> [What is being asked]: Write the records below out again. Match them exactly.

> [Extracted material]:
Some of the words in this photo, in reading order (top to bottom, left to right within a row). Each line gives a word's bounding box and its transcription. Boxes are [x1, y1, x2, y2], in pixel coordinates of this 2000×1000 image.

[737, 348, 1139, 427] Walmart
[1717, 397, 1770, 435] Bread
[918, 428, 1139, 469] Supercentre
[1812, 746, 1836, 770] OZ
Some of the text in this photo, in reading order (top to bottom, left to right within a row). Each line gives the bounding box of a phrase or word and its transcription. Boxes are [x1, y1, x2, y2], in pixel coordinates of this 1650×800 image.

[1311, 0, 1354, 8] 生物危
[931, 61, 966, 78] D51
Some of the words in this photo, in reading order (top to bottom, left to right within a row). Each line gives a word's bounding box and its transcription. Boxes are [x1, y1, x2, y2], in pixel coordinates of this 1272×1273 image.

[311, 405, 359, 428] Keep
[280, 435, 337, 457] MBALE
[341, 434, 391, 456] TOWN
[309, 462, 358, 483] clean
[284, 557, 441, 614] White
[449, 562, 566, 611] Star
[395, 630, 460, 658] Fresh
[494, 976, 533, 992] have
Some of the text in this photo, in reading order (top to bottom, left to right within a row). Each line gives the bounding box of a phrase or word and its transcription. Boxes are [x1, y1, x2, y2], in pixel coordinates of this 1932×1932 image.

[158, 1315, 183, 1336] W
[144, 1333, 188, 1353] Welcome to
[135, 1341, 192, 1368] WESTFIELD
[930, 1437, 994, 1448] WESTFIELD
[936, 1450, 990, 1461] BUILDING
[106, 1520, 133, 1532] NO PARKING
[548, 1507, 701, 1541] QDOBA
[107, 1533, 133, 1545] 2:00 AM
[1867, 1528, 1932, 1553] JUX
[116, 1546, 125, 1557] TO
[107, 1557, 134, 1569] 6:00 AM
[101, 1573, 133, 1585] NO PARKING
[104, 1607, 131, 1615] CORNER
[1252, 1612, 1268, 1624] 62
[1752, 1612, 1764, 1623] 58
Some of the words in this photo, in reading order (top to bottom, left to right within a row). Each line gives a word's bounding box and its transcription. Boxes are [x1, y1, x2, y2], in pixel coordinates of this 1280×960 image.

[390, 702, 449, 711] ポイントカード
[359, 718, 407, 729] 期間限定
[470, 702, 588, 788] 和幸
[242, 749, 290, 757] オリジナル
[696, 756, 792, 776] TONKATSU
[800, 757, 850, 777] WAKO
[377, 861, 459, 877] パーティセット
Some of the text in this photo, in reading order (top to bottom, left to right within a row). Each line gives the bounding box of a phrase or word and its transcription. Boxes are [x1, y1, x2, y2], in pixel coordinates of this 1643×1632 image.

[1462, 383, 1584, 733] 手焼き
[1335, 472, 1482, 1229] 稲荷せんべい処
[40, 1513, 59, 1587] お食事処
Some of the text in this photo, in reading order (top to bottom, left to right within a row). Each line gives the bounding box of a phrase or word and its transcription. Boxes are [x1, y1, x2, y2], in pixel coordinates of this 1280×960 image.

> [Exercise solution]:
Some of the words in this photo, in reading order (top to bottom, left to right within a row). Each line gives a word's bounding box and its transcription. Boxes are [x1, y1, x2, y2], in pixel coordinates of this 2000×1000 image.

[737, 348, 1139, 427] Walmart
[1717, 397, 1770, 435] Bread
[918, 428, 1139, 469] Supercentre
[1812, 746, 1836, 770] OZ
Some of the text in this photo, in reading order (top to bottom, left to right within a row). Each line gives the bounding box of a phrase or word and its transcription. Boxes are [x1, y1, x2, y2], in pixel coordinates of this 1650×800 image.

[1311, 0, 1354, 8] 生物危
[931, 61, 966, 78] D51
Some of the words in this photo, in reading order (top to bottom, left to right within a row). Each line gives a word's bounding box and its transcription. Boxes are [x1, y1, x2, y2], in pixel coordinates of this 1272×1273 image.

[311, 405, 359, 428] Keep
[280, 435, 337, 457] MBALE
[341, 434, 391, 456] TOWN
[309, 462, 358, 483] clean
[284, 557, 441, 614] White
[449, 562, 566, 611] Star
[395, 630, 460, 658] Fresh
[494, 976, 533, 992] have
Some of the text in this photo, in reading order (top to bottom, left to right within a row). Each line gives the bounding box of a phrase or word and its transcription. Boxes are [x1, y1, x2, y2], in pixel coordinates of this 1932×1932 image.

[158, 1315, 183, 1336] W
[144, 1333, 188, 1353] Welcome to
[135, 1341, 192, 1368] WESTFIELD
[930, 1437, 994, 1448] WESTFIELD
[936, 1450, 990, 1461] BUILDING
[106, 1520, 133, 1532] NO PARKING
[548, 1507, 701, 1541] QDOBA
[107, 1533, 133, 1545] 2:00 AM
[1867, 1528, 1932, 1553] JUX
[116, 1546, 125, 1557] TO
[107, 1557, 134, 1569] 6:00 AM
[101, 1573, 133, 1585] NO PARKING
[104, 1607, 131, 1615] CORNER
[1252, 1612, 1268, 1624] 62
[1752, 1612, 1764, 1623] 58
Some of the words in this photo, in reading order (top to bottom, left to right within a row). Each line gives a word's bounding box and its transcription. Boxes are [x1, y1, x2, y2], in pixel coordinates of this 1280×960 image.

[390, 702, 449, 711] ポイントカード
[359, 718, 407, 729] 期間限定
[470, 702, 588, 788] 和幸
[242, 749, 290, 757] オリジナル
[696, 756, 792, 776] TONKATSU
[800, 757, 850, 777] WAKO
[377, 861, 459, 877] パーティセット
Some of the text in this photo, in reading order (top to bottom, left to right within a row). Each line gives the bounding box of a phrase or word and its transcription. Boxes are [x1, y1, x2, y2], in pixel coordinates of this 1643×1632 image.

[1462, 383, 1584, 733] 手焼き
[1335, 472, 1482, 1229] 稲荷せんべい処
[40, 1513, 59, 1587] お食事処
Some of the text in this photo, in reading order (top to bottom, left to right within a row). Each line gives the bounding box of a phrase or word and its transcription. Boxes are [x1, y1, x2, y2], in pixel coordinates of this 1280×960 image.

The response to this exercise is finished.